Historically performance of banking sector is linked with the economy, the robust the economy the better performer is the commercial banks. While rest of the world is going through economic down mainly due to the sub-prime issue, Pakistani banks have remained immune to the phenomenon.

However, the domestic factors i.e. lack of focus of economic managers on economy, political imbroglio, and daunting security challenges and above all the economic downturn are having its impact on the banks.

Despite enjoying an average spread of 7.5% profitability of the banks in Pakistan is on the decline due to declining credit off take and rising delinquencies. Lately, default by some groups has impaired financial health of couple of banks. The positive point is that despite the dent these banks are not likely to be in the red.

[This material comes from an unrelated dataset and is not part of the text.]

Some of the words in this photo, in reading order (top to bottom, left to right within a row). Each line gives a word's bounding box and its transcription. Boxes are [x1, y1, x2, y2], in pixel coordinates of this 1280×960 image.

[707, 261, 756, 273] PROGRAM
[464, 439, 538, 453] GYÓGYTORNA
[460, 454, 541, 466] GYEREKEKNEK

The proactive role being played by the State Bank of Pakistan has not only helped in saving the banks from untoward problems but also strengthening them.

One such move by the central bank is the announcement regarding enhancement of the forced sale value (FSV) benefit from 30% to 40% along with the inclusion of industrial properties in the definition of collateral against NPLs, which was earlier restricted to residential and commercial properties. However, the 3 years restriction for availing the said benefit with the applicability from September 30, 2009 has been maintained.

The following are the SBP circular along with the analysis of Invest Cap and their recommendations. Banks are allowed to take benefit of 40% of FSV of pledged stock and mortgaged residential, commercial and industrial properties (land and building only) held as collateral against NPLs for three years from the date of classification for calculating provisioning requirement w.e.f. 30-09-2009.

However, the central bank has maintained the 50% FSV benefit for the consumer financing along with deduction of liquid assets from NPLs for calculating provisions.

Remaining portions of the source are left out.